Greenpeace activists demonstrate at a metallurgical site of steel giant Tata Steel, in Velsen near Amsterdam, the Netherlands, on June 24, 2023. RAMON VAN FLYMEN / AFP
Several hundred activists from the NGO Greenpeace forced the barriers of a production site of the steel giant Tata Steel, in Velsen, near Amsterdam, on Saturday June 24, in order to demonstrate there, despite the formal prohibition by local authorities.
They protest against the pollution caused by the activities of this factory, considered by the organization for the defense of the environment as “one of the most polluting metallurgical plants in Europe and located in the middle of a densely populated area”.
“Together, Greenpeace Netherlands, local residents and activists demand that the most toxic parts of Tata Steel be closed in order to protect the health of nearby residents”, Greenpeace said in a statement on Saturday. Dutch police closed the Reyndersweg, a street near the site, on Saturday, it said in a statement, before finally announcing its reopening.
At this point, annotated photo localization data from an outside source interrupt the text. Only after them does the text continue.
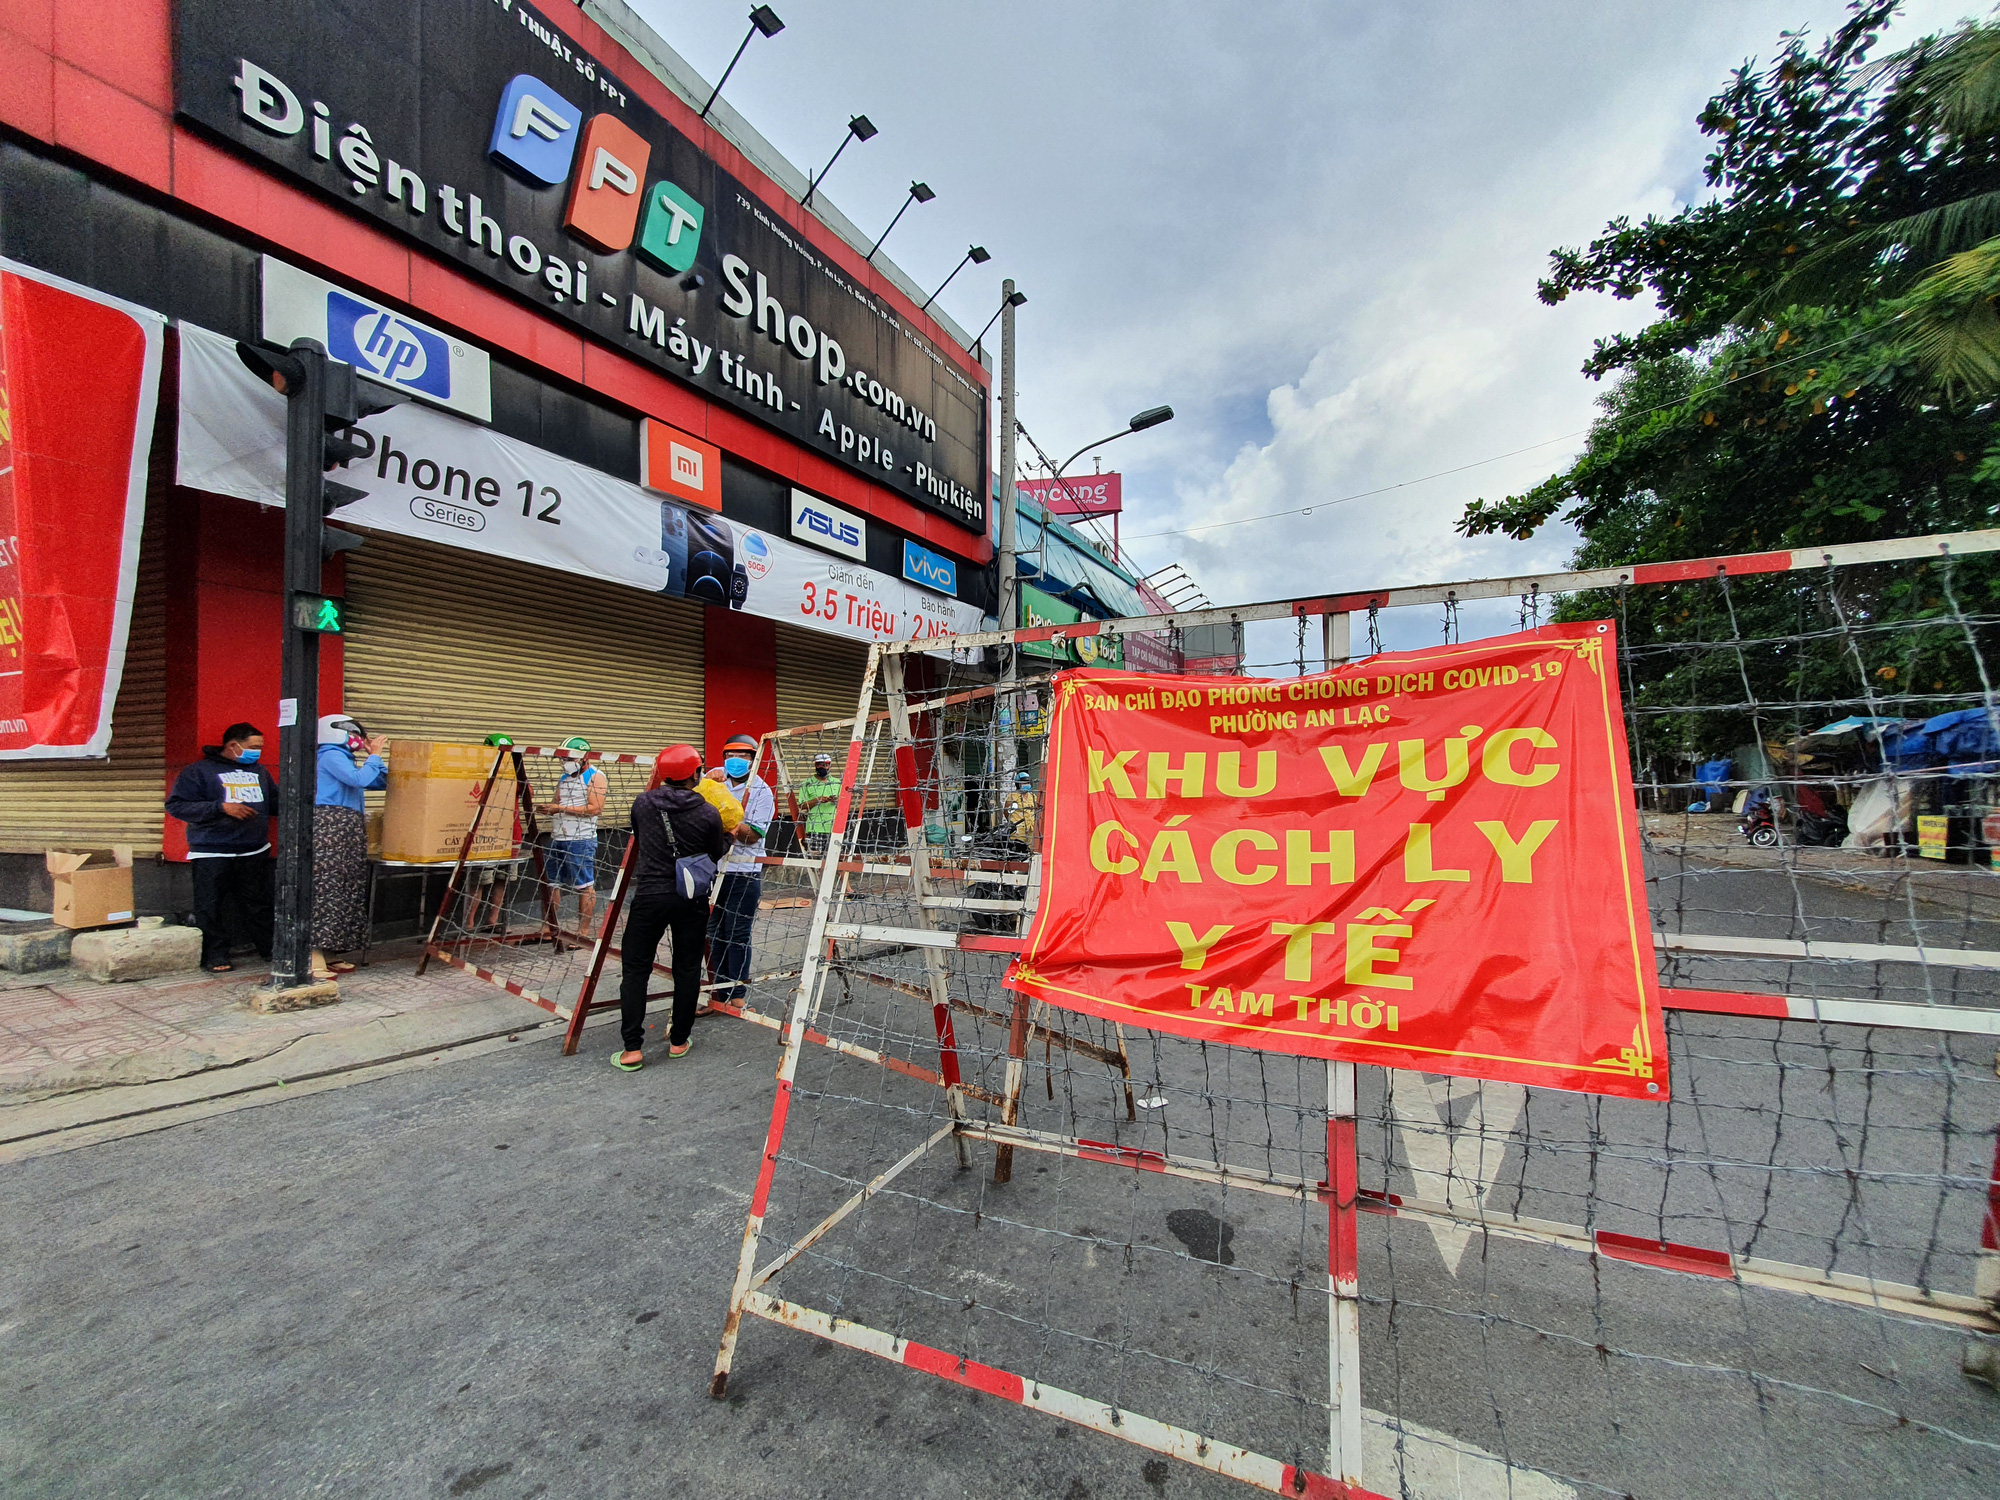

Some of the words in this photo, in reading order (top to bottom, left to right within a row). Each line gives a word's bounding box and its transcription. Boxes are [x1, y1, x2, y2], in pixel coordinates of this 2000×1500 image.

[600, 77, 626, 108] FPT
[511, 94, 698, 245] FPT
[736, 192, 751, 210] 739
[234, 58, 426, 213] Điện
[438, 184, 587, 303] thoại
[629, 293, 712, 374] Máy
[720, 350, 783, 412] tính
[818, 408, 894, 471] Apple
[364, 313, 419, 380] hp
[338, 426, 501, 507] Phone
[517, 479, 562, 526] 12
[424, 502, 475, 528] Series
[796, 506, 860, 547] ASUS
[747, 560, 766, 573] 50GB
[828, 564, 854, 586] Giảm
[856, 571, 874, 592] đến
[909, 555, 951, 586] vivo
[800, 581, 838, 621] 3.5
[845, 593, 895, 639] Triệu
[912, 614, 923, 640] 2
[921, 596, 936, 613] Bảo
[937, 601, 956, 619] hành
[1085, 694, 1119, 711] BAN
[1125, 686, 1155, 711] CHỈ
[1161, 688, 1201, 712] ĐẠO
[1377, 672, 1434, 698] DỊCH
[1443, 660, 1562, 690] COVID-19
[1210, 708, 1297, 734] PHƯỜNG
[1304, 708, 1335, 728] AN
[1343, 704, 1391, 728] LẠC
[1087, 745, 1277, 799] KHU
[1318, 724, 1560, 802] VỰC
[1089, 814, 1356, 887] CÁCH
[1403, 819, 1559, 884] LY
[1165, 920, 1234, 971] Y
[1271, 898, 1437, 991] TẾ
[1184, 982, 1275, 1017] TẠM
[1289, 994, 1399, 1032] THỜI
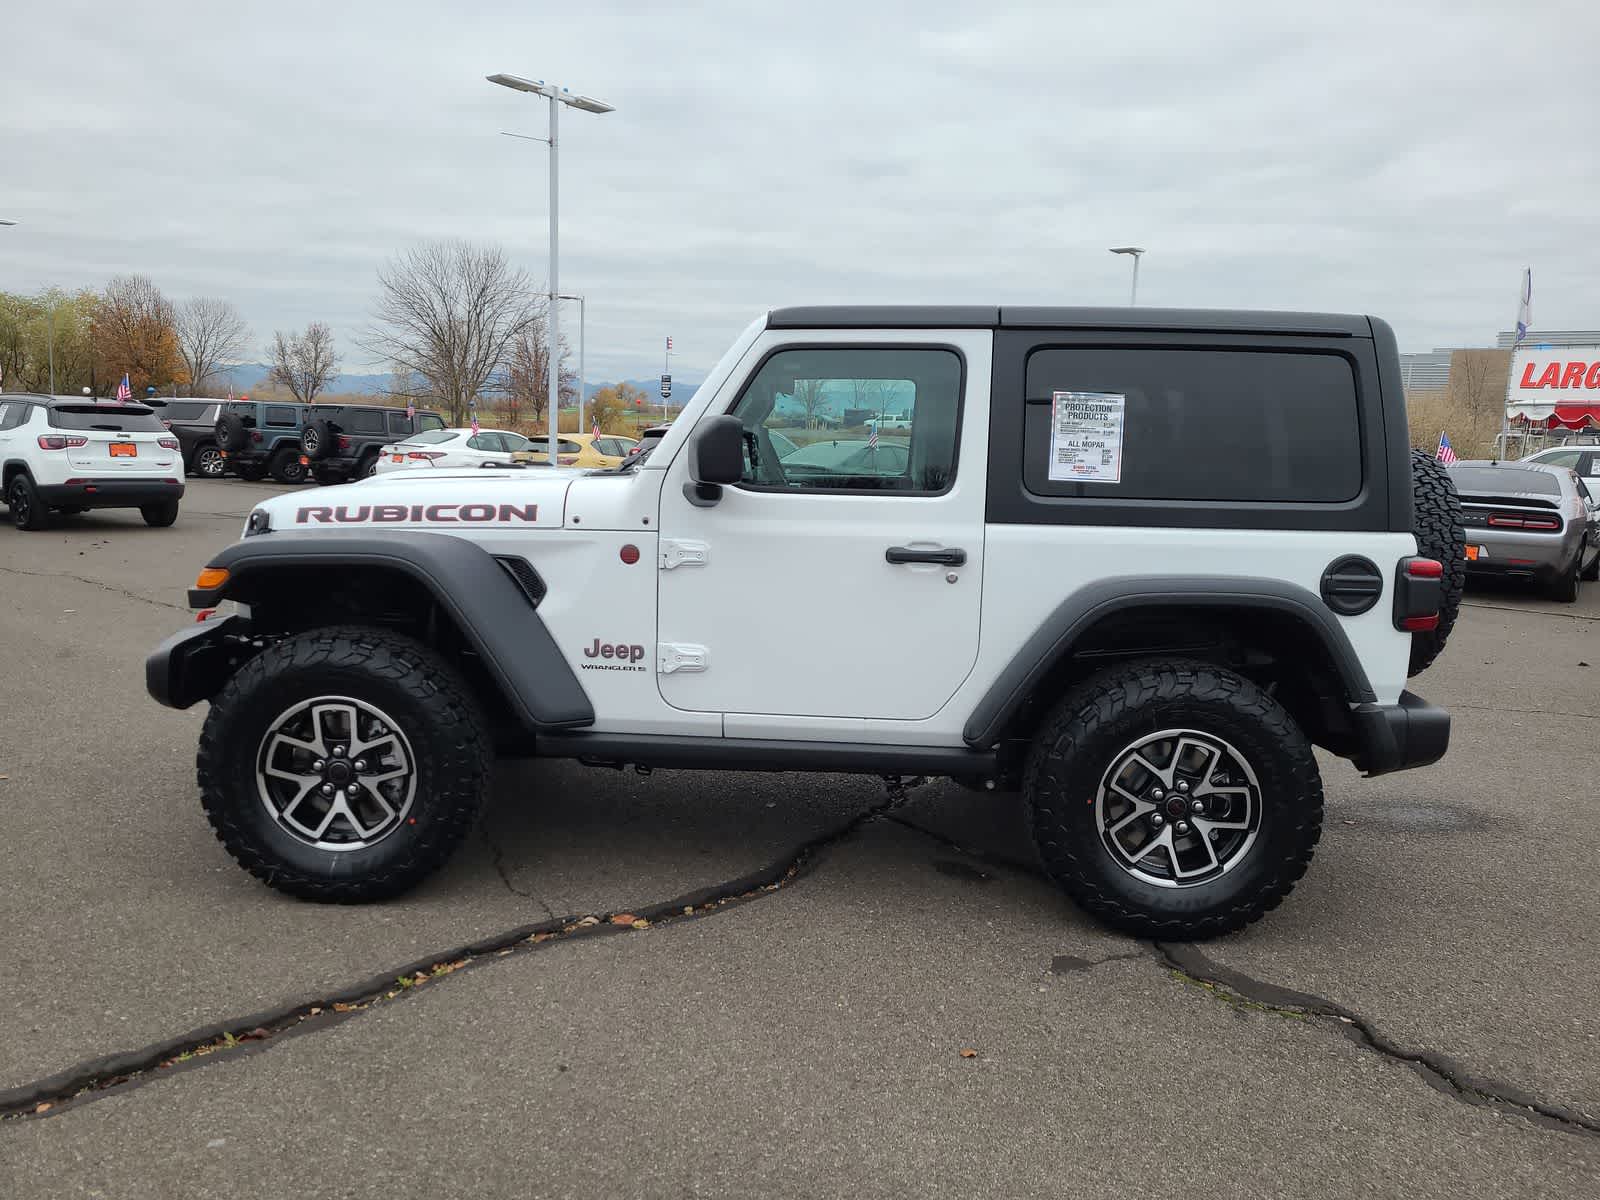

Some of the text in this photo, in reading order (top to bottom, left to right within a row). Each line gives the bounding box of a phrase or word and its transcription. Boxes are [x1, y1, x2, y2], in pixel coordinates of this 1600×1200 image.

[1065, 403, 1112, 413] PROTECTION
[1068, 412, 1108, 421] PRODUCTS
[1068, 440, 1105, 448] ALL MOPAR
[295, 504, 538, 523] RUBICON
[583, 638, 645, 663] Jeep
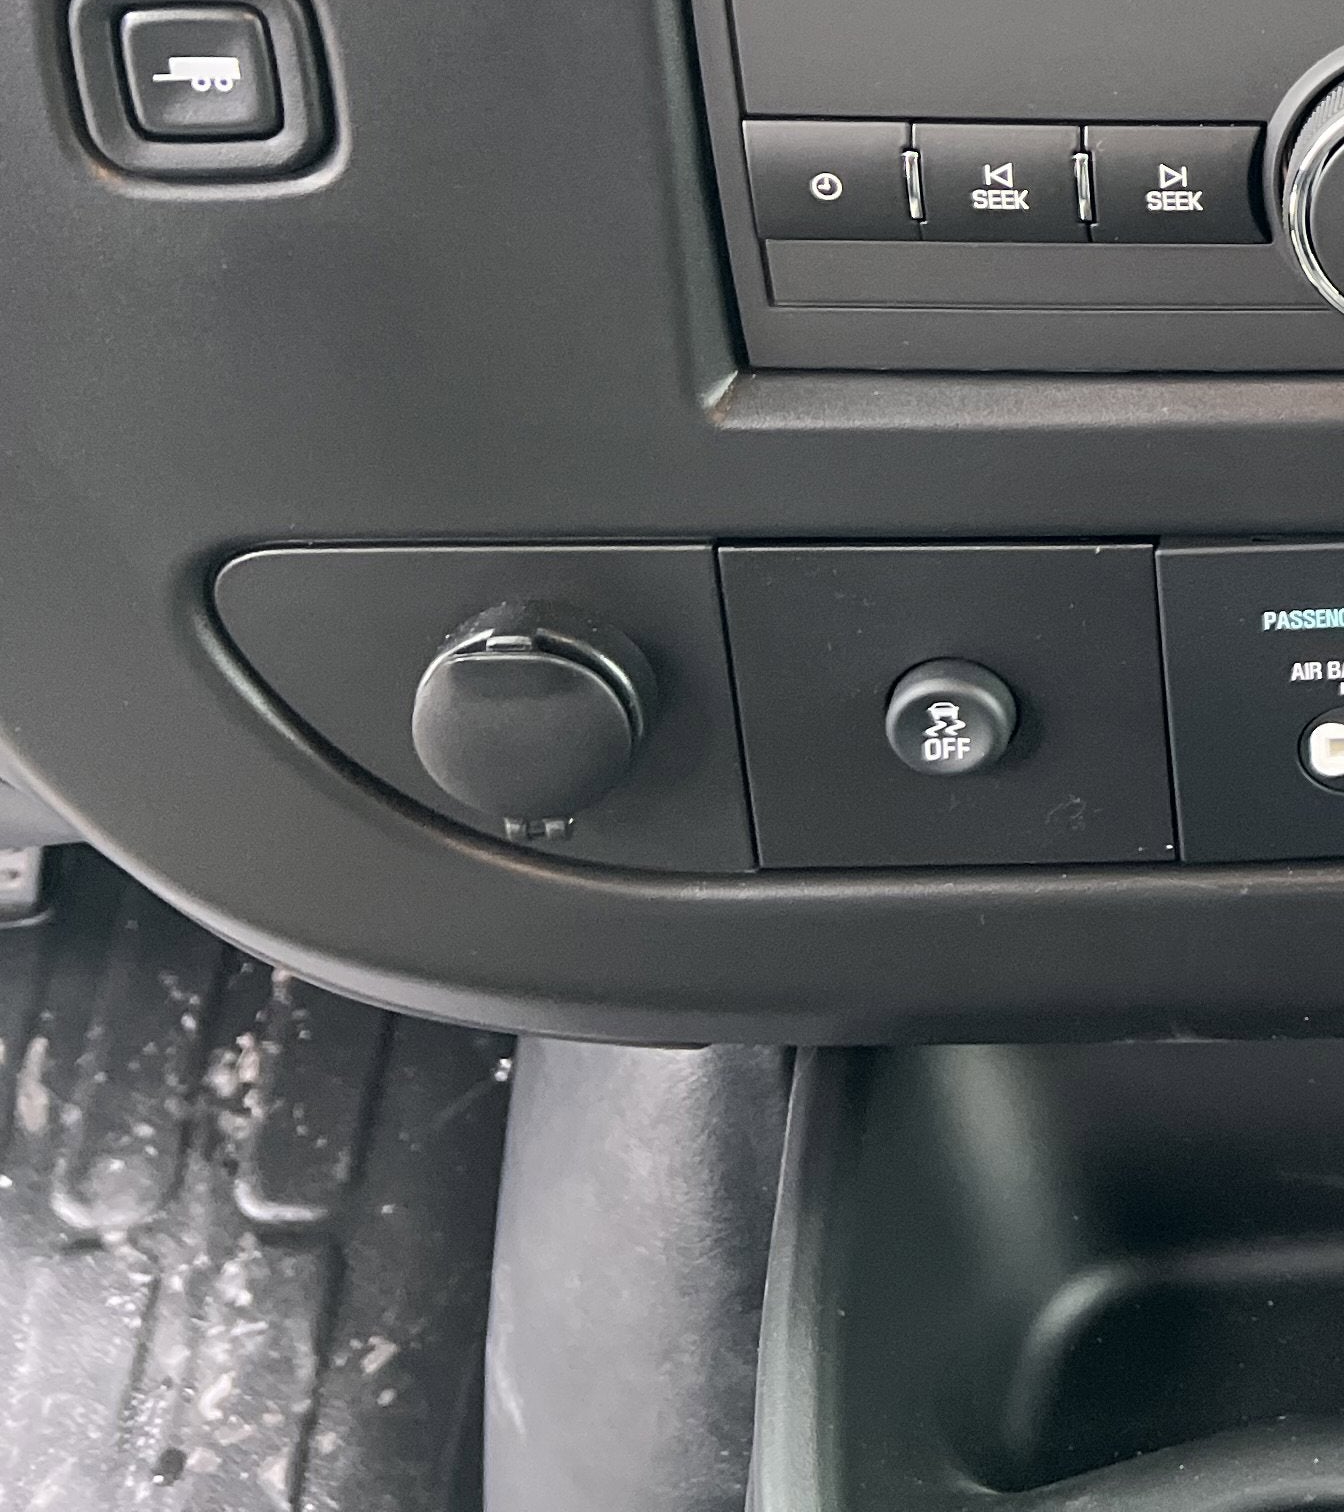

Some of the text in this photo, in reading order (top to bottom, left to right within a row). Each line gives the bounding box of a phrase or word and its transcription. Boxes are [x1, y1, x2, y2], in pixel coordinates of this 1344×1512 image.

[972, 189, 1030, 210] SEEK
[1146, 191, 1204, 211] SEEK
[1290, 661, 1323, 682] AIR
[923, 736, 971, 761] OFF
In support of the Greenpeace demonstration, seven members of the environmental movement Extinction Rebellion chained themselves shortly before 1 p.m. to a railway line connected to the industrial site and were still chained at 3:20 p.m., confirmed Berthe van Soest, spokesperson for the movement, to Agence France-Presse. Under the name “Together for healthy air”, another demonstration supported by local environmental defense organizations also took place on Saturday on a beach near the site.
Investigation for pollution
The possible presence of demonstrators on the grounds of Tata Steel had for several days been the subject of a dispute between the local authorities and Greenpeace. In an open letter published Thursday, the mayor of Velsen, Frank Dales, had banned protesters from going to the site, highlighting its dangerousness.
“Security is also at the forefront of action initiated by Greenpeace. Activists may want to enter Tata Steel grounds (…) which is vast and dangerous in several places, including huge installations that cannot be deactivated, hot substances, large vehicles, including trains, etc. »he warned in an open letter.
“The mayor had better wonder about the safety of the inhabitants of his own commune. It is precisely dangerous to live near Tata Steel since toxic clouds are escaping from the factory every day”, had retorted Faiza Oulahsen, director in charge of climate and energy of Greenpeace Netherlands, in another open letter. In February 2022, the Dutch courts opened an investigation into “intentional and illegal” pollution caused by the steel giant Tata in its factory near Amsterdam, considering that public health could be threatened.